Both analyzer columns of the NAIS are preceded by a charger and a discharger. All the chargers and dischargers are unipolar corona chargers.
Ions from the tip of the needle travel across the aerosol sample flow and attach to particles mainly by thermal diffusion.
It is important to keep the electric field strength in the charger volume as low as possible to minimize particle loss and simultaneously to keep the charger ion concentration as high as possible to maximize charging efficiency. So the charger is operated quite close to the corona ignition limit.

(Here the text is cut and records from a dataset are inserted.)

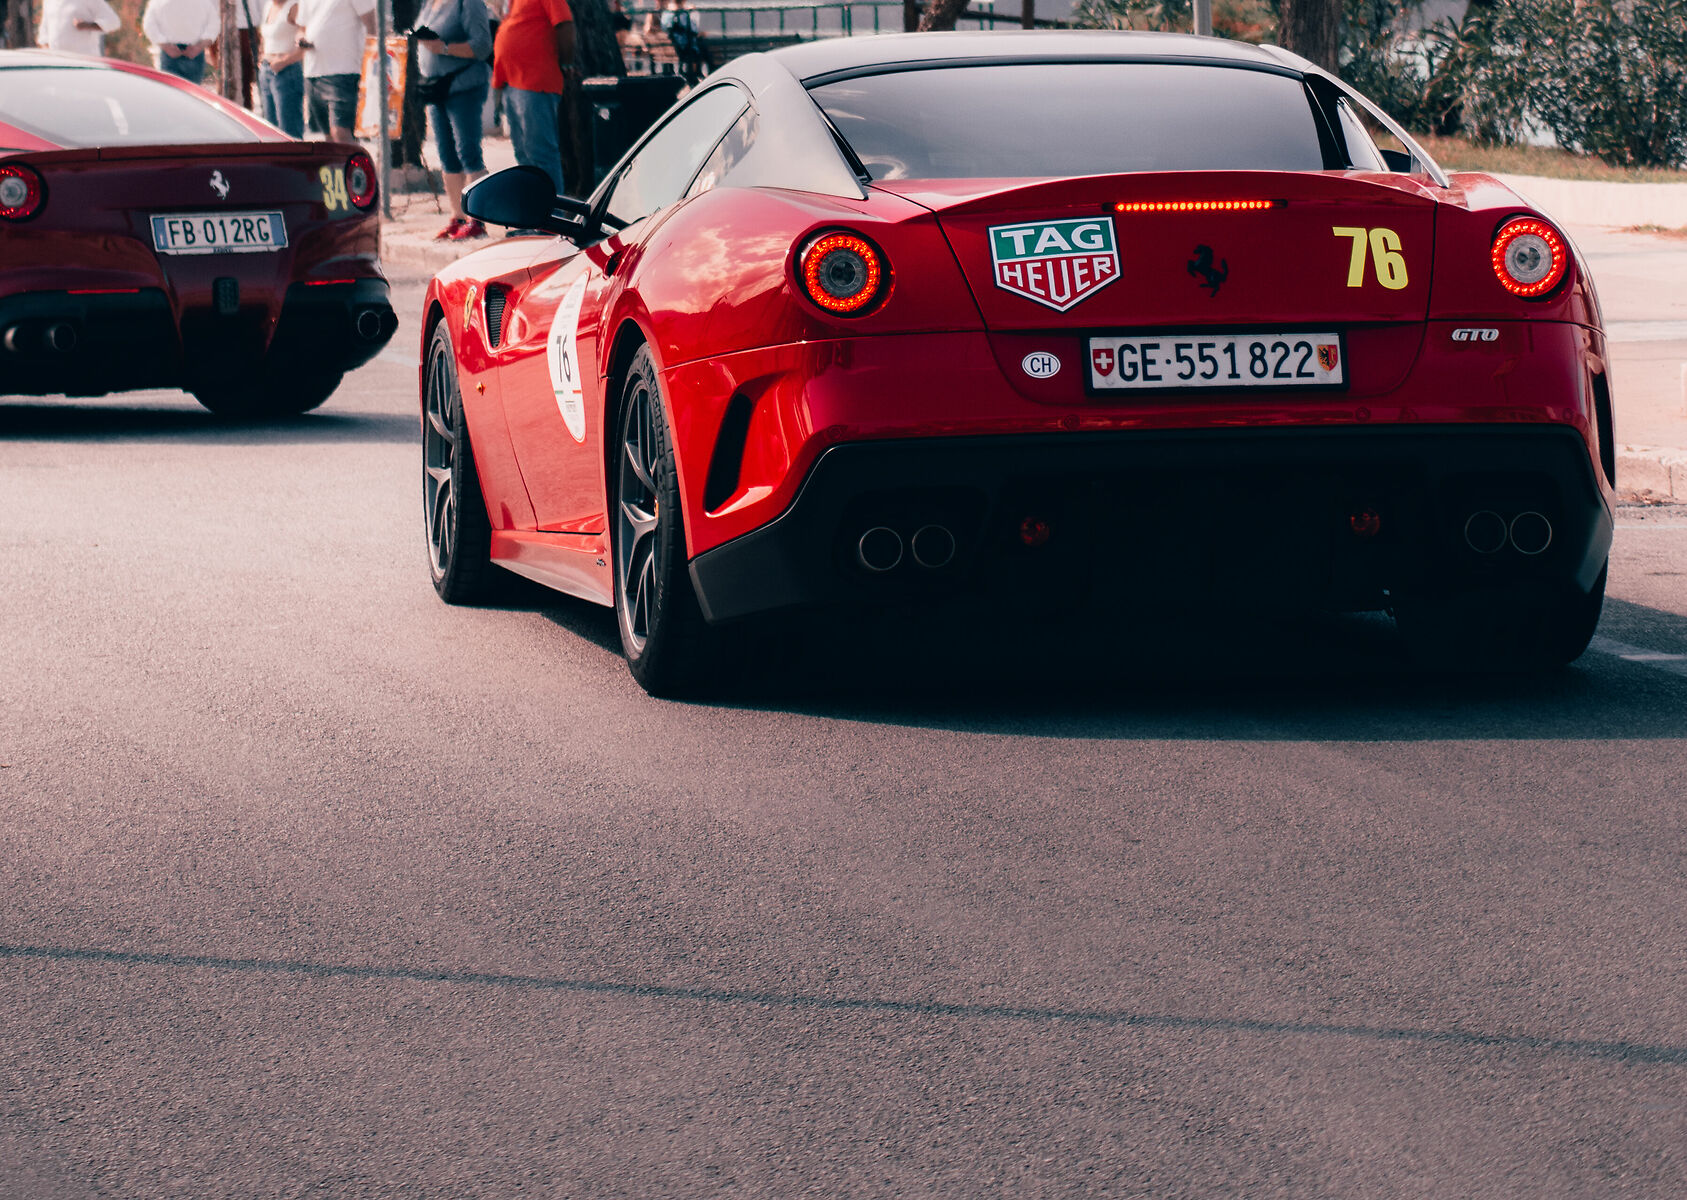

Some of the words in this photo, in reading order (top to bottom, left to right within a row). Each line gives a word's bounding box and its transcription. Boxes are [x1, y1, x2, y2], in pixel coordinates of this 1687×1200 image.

[319, 166, 349, 211] 34
[1000, 224, 1104, 255] TAG
[1332, 226, 1408, 290] 76
[1002, 256, 1112, 303] HEUER
[1452, 328, 1500, 342] GTO
[556, 334, 572, 383] 76
[1030, 357, 1052, 373] CH

Corona discharge is inherently unstable. The NAIS uses a feedback system (Figure 2) to adjust the voltage of the corona needle based on the electric current of charger ions to the outer electrode. This is shown as the “Charger current” or “Discharger current” parameter in the measurement software.

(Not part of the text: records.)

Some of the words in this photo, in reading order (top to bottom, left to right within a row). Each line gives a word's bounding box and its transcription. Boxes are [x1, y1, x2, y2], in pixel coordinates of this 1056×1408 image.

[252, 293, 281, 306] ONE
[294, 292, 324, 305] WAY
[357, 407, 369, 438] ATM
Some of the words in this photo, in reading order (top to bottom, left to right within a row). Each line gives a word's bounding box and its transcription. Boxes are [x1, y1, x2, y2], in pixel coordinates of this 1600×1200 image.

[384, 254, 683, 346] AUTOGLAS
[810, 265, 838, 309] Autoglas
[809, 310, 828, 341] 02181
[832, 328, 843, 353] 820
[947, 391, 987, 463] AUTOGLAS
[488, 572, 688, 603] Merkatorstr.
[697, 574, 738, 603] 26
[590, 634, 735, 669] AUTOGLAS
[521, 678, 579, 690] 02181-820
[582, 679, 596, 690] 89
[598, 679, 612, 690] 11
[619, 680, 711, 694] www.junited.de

The NAIS utilizes a software PID controller to adjust the charger voltage. The charger current may be different for the different operating modes of the instrument.

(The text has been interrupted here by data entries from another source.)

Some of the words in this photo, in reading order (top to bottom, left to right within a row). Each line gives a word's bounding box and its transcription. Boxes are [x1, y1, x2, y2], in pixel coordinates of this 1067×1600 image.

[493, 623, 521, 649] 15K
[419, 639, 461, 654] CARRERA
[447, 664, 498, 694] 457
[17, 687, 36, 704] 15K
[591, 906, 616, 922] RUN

If the corona needle becomes too dirty, the automatic control will be unable to keep the corona stable. The charger current will start to fluctuate rapidly. The fluctuation is very fast and may not be visible in 1 second average data. See Charger fluctuation troubleshooting for checking the issue and Charger cleaning for cleaning instructions.
The charger currents in particle mode are typically about 20nA. The discharger currents in offset mode are about 25nA and in alternating charging mode about 10nA.
The main filter is situated between the discharger and the charger. It is simply an electric filter. The filter is activated in the offset measurement mode when no particles must deposit on the collecting electrodes in the analyzer. The discharger charges particles to the opposite polarity than what is detected. The filter removes the majority of the charged particles, so that they will not induce currents in the analyzer.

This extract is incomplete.